In 2009, Mazzaferro et al[10] published the results of a large, multicentric, retrospective study and identified a combination of tumor maximum size and number of nodules as a predictive factor for survival. The “up-to-seven” criteria (see Table 1) in patients without microvascular invasion was found to be associated with 5-year OS rate of 71.2%, which was comparable with that of the Milan-in patients. However, when the up-to-seven criteria was associated with microvascular invasion, the survival was significantly worse (48.1%). It is important to mention that the presence of microvascular invasion represents a variable not possible to identify before LT and that expansion beyond the MC is usually associated with higher rates of microvascular invasion[20].
The group of Pamplona, Spain reported the results of LT with the Clinic of Universidad of Navarra (CUN) criteria[12,28]. The 5-year OS was 68% when the analysis was performed from an intention-to-treat point of view, being statistically comparable to that for the patients with Milan-in tumors. Although none of the patients with Milan-out CUN-in HCC developed tumor recurrence in the posttransplant follow-up period, 12 of the patients recruited for that study progressed beyond the CUN criteria on the waiting list and were deemed to not benefit from LT[28].

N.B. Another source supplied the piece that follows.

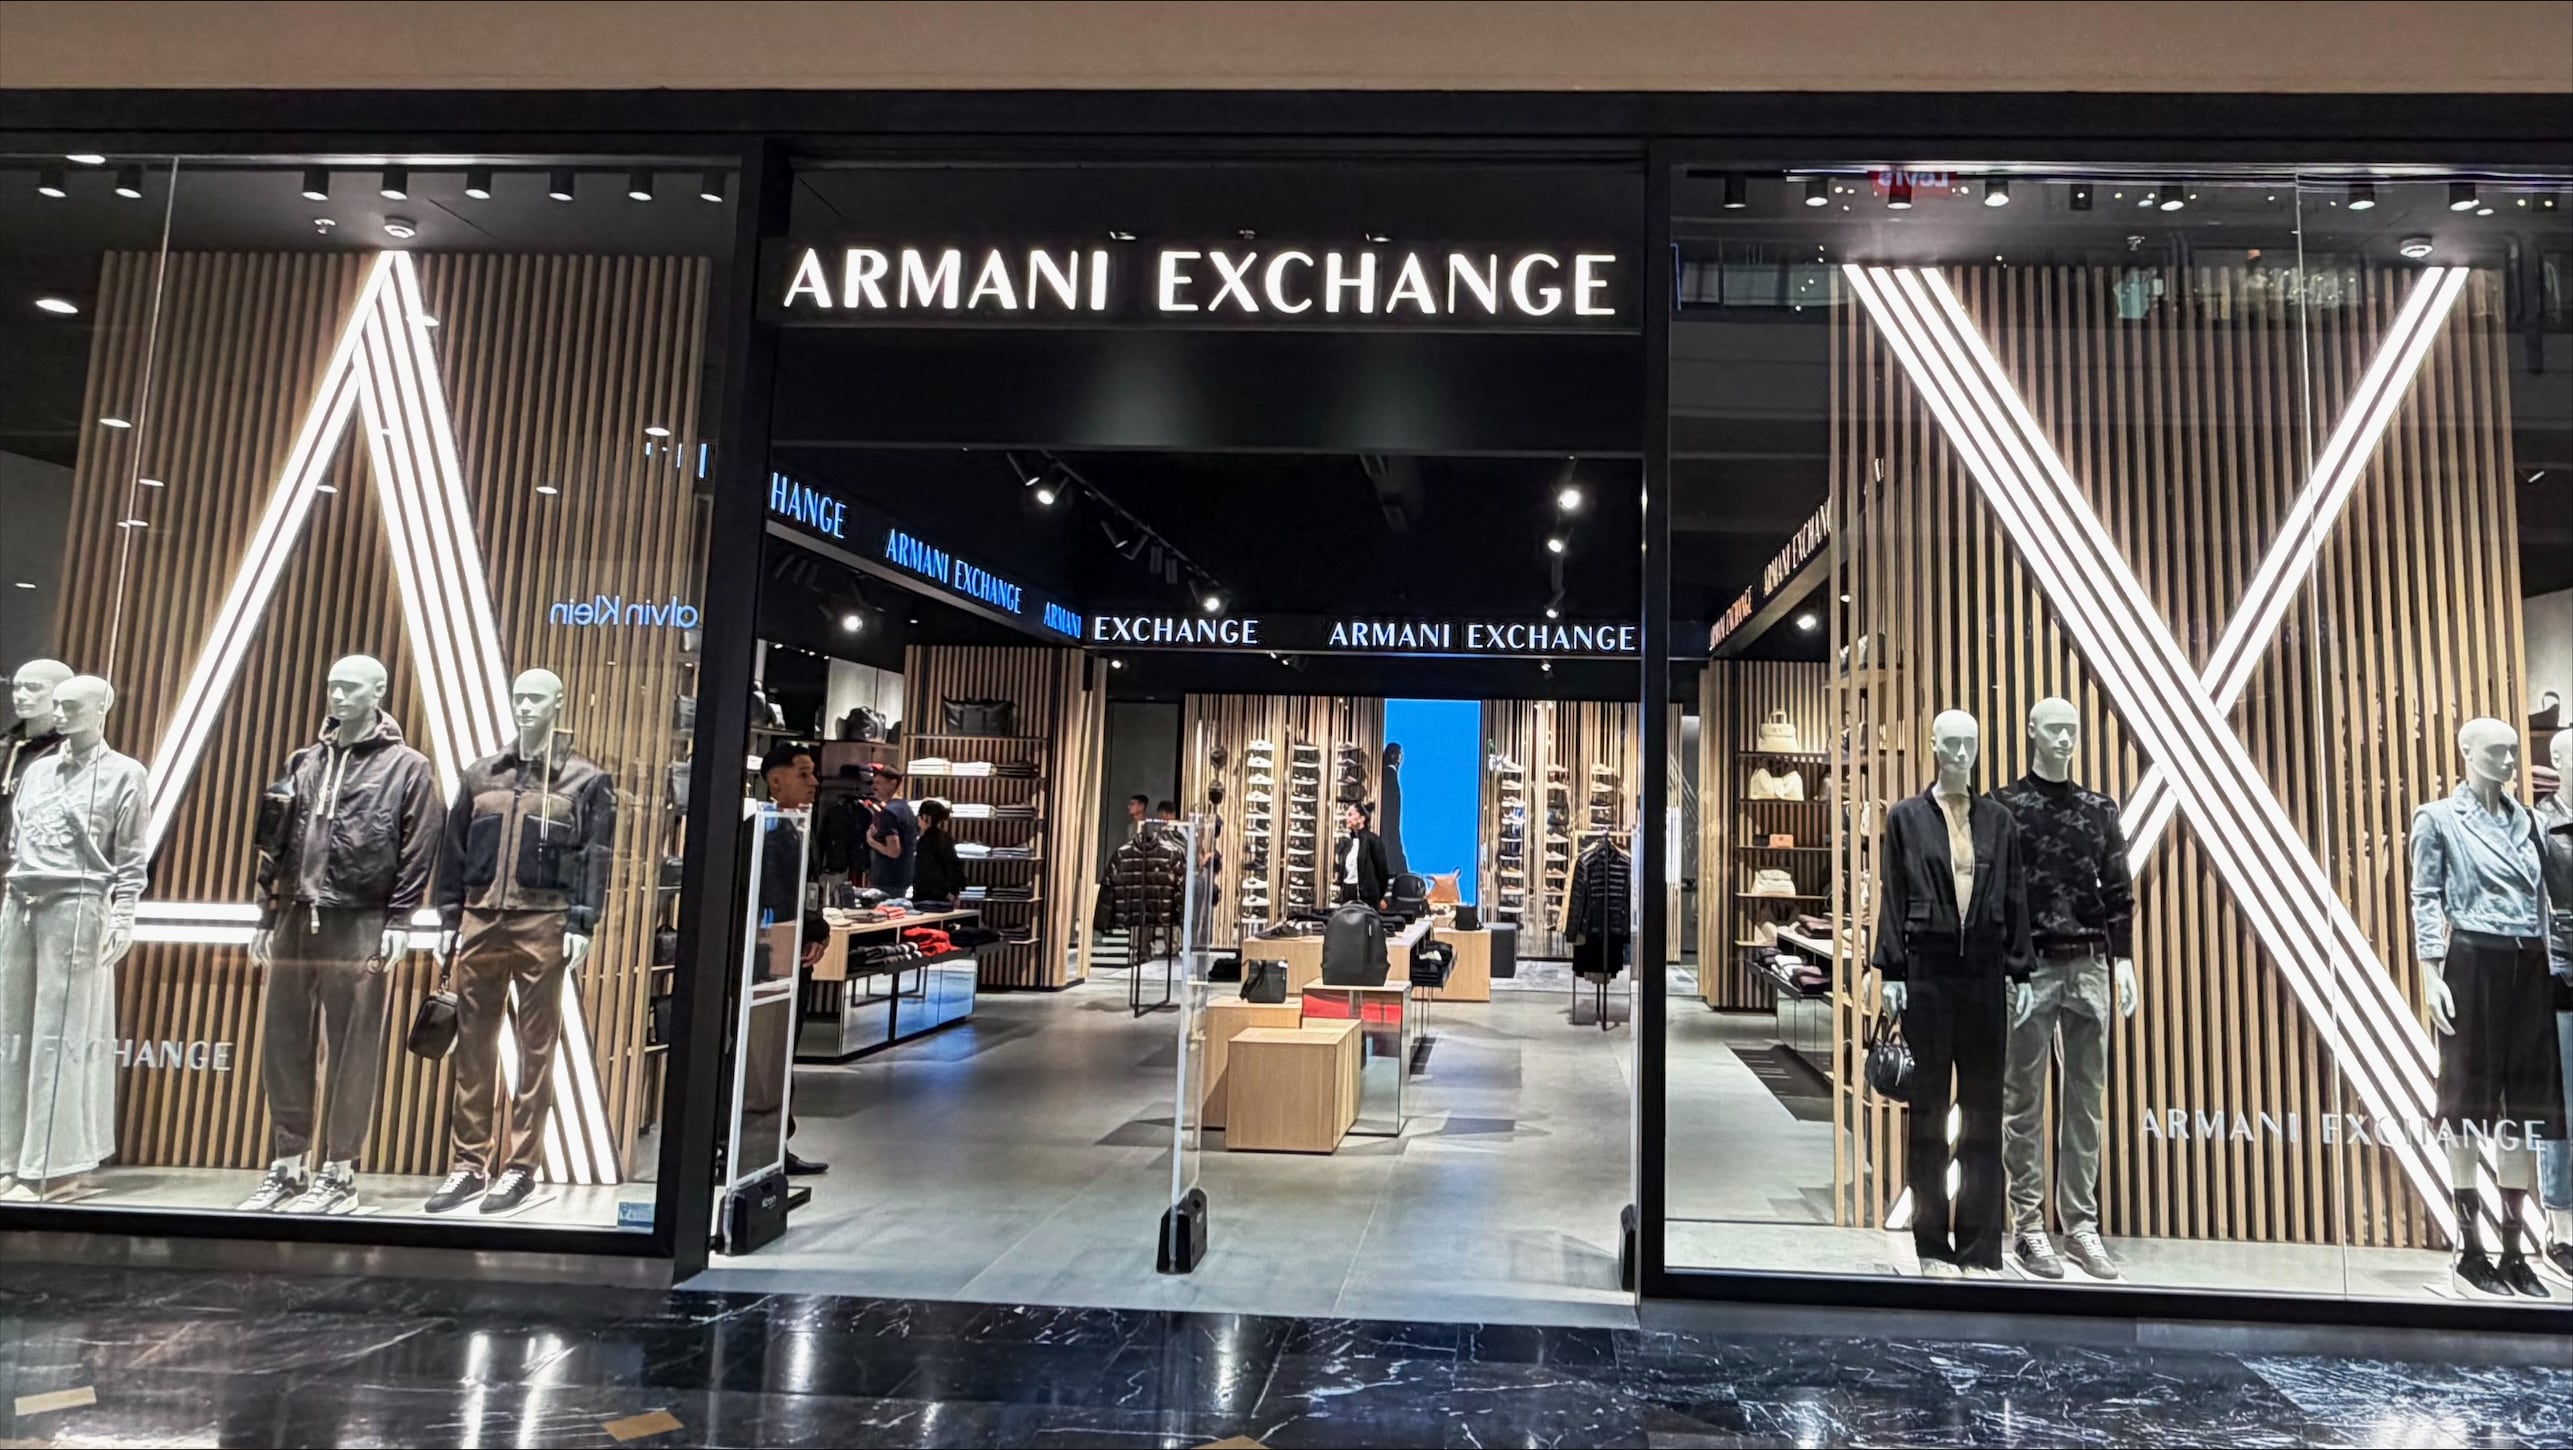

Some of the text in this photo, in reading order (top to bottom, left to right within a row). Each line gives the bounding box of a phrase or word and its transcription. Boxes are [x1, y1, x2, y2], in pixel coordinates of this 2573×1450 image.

Toso et al[29] published the results of a prospective study with criteria which included total tumor volume and alpha-fetoprotein (AFP). Survival and recurrence rates of the Milan-out patients meeting the criteria were acceptable, even though the “intention-to-treat analysis” showed statistically inferior results due to the waiting list drop-out rates. The criteria of the University of Hangzhou, China also took AFP levels into account[13]. Two conclusions could be drawn from that study: first, the application of this criteria did not yield worse results when compared with MC; second, even the patients exceeding the MC but fulfilling the Hangzhou criteria presented improved prognosis when compared with the Hangzhou-out patients. It has to be mentioned that, currently, the AFP level is included in the selection criteria in France and Canada, where patients with values ≥ 1000 ng/dL are excluded for LT[30,31].
Onaca et al[32] analyzed the results of the International Registry of Hepatic Tumors in Liver Transplantation and concluded, similarly, that a modest expansion beyond MC could still offer favorable results (see Table 1). When patients presented in the explant analysis with one tumor of ≤ 6 cm or 2-4 tumors of ≤ 5 cm, the 5-year DFS was 64%.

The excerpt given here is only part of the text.